Изабель де Лаваль: Изящно очерченная бровь молодой женщины взлетела вверх, выдавая то изумление, которое почувствовала маркиза де Сабле при виде месье д'Обинье. Друг Генриха Наваррского умел удивлять, но сегодня, можно сказать, он превзошел себя. Если бы Изабель не была дамой весьма трезвомыслящей, даже слишком (прагматичность убивает женское обаяние, разве что вы научитесь его скрывать под маской нежного, воздушного создания), она бы, пожалуй, решила, что дело тут не обошлось без нечистой силы. Но не следует винить врага рода человеческого во всех странностях, происходящих с людьми, по большей части, все, что случается на этой грешной земле — дело их рук. И только их. - Месье д'Обинье... Париж несколько далековат от Нерака, чтобы можно было забрести сюда во время прогулки... Значит ли это, что своей настойчивостью я помешала вашим делам и делам короля Наваррского? Бог мой, конечно, Флорентийка величает Генриха Бурбона не иначе, как «наш возлюбленный сын», но сколько в этом желчи и яда.
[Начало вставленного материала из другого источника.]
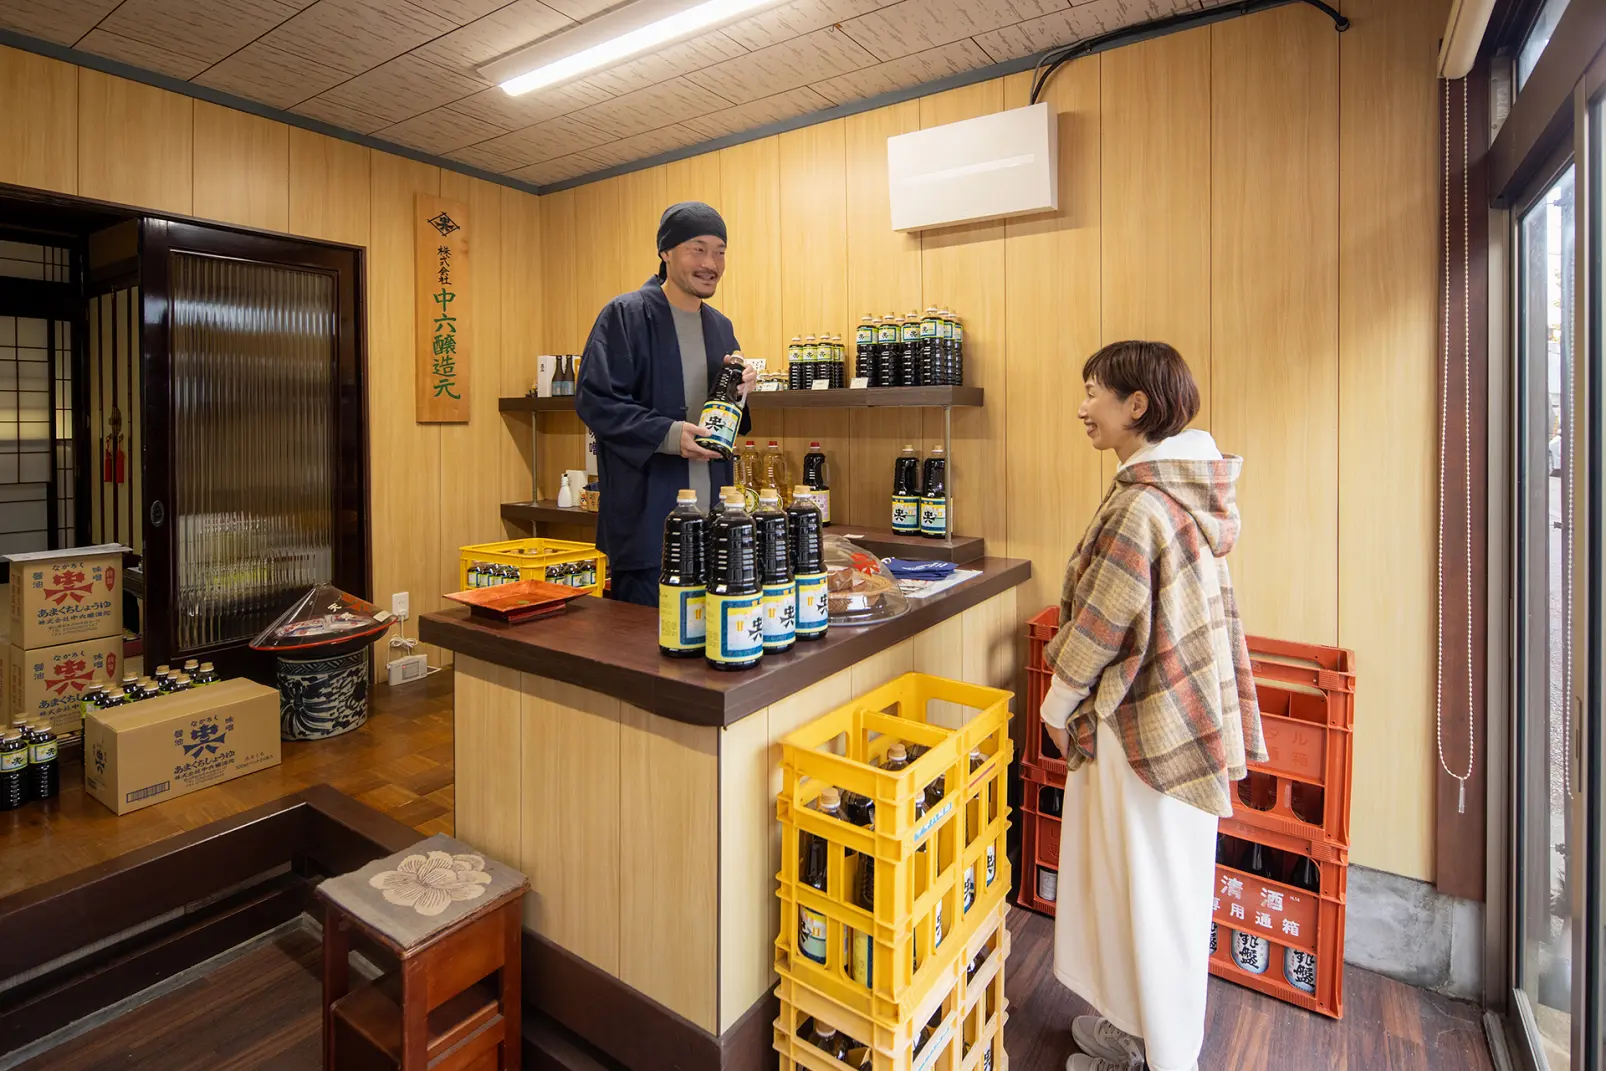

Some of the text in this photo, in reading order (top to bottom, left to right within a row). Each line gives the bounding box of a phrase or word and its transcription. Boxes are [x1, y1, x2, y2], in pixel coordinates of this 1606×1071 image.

Узнай она, что Агриппа д'Обинье тайно прибыл в Париж, наверняка, найдет, как этим воспользоваться к своей выгоде. Благополучие Агииппы д'Обинье больше не было ее заботой. Но все же Изабель была взволнована, думая о тех опасностях, которым вечно подвергал себя неугомонный сентонжец. Лавка мэтра Рене хранила много воспоминаний. Они впитались в стены, в темное дерево шкафов и прилавка, в переплеты фолиантов. Были среди них и те, что принадлежали Изабель де Лаваль, были и те, что тянулись теперь призрачными тенями к Агриппе д'Обинье. Но призраки и воспоминания не имеют власти над живыми... до тех пор, пока живые не дают им такую власть. - Надеюсь, у вас все хорошо, Агриппа, - мягко проговорила она, чтобы развеять его сомнения относительно стражи. - Если бы я знала, что это вы хозяйничаете в лавке мэтра Рене, то не стала бы поднимать шума... Почему-то мне кажется он был бы рад вашему визиту в эти стены, хоть они и пусты без него. Удивительно, как уход одного человека может оставить после себя чувство утраты даже у тех, кто не считал его своим другом.